ENTRIES SHOWN =
——————

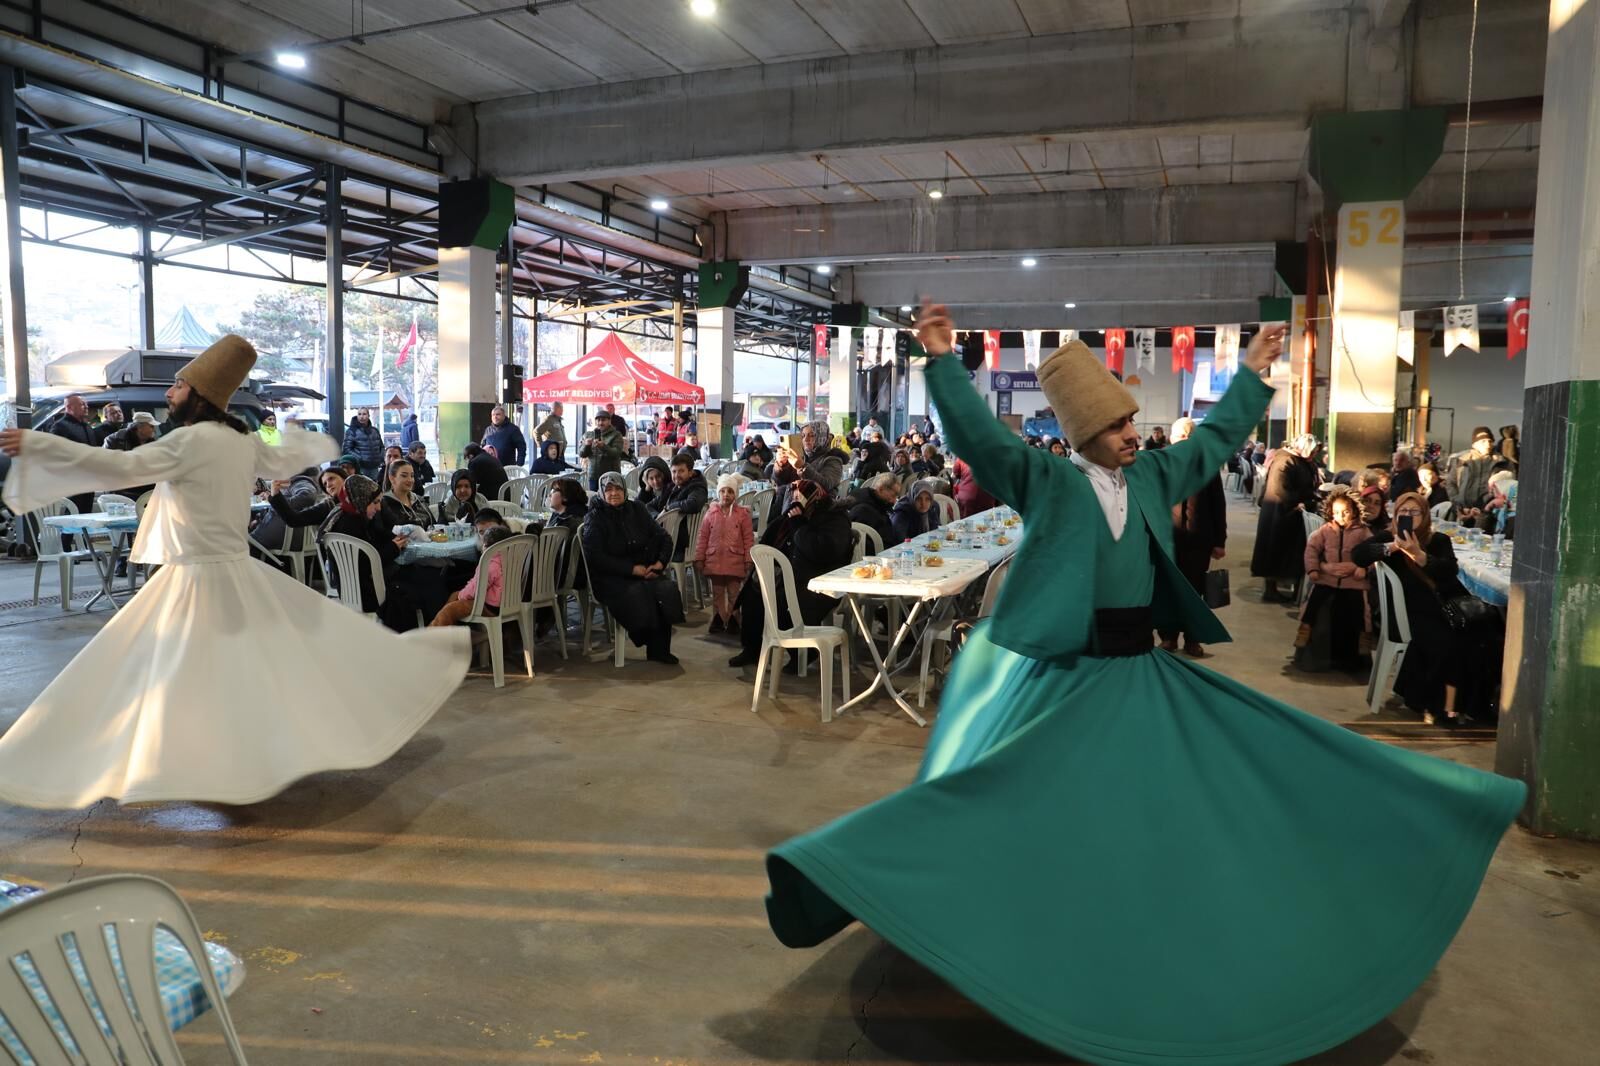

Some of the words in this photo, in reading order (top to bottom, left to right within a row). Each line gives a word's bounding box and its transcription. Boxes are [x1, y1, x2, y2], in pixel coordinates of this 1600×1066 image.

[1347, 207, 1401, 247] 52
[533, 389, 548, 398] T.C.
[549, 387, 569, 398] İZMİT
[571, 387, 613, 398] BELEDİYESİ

——————

ASSIGNMENT = Give the data again exactly as it appears, but without any images.

EXERCISE ANSWER =
Some of the words in this photo, in reading order (top to bottom, left to right within a row). Each line gives a word's bounding box and its transcription. Boxes are [x1, y1, x2, y2], in pixel coordinates of this 1600×1066 image.

[1347, 207, 1401, 247] 52
[533, 389, 548, 398] T.C.
[549, 387, 569, 398] İZMİT
[571, 387, 613, 398] BELEDİYESİ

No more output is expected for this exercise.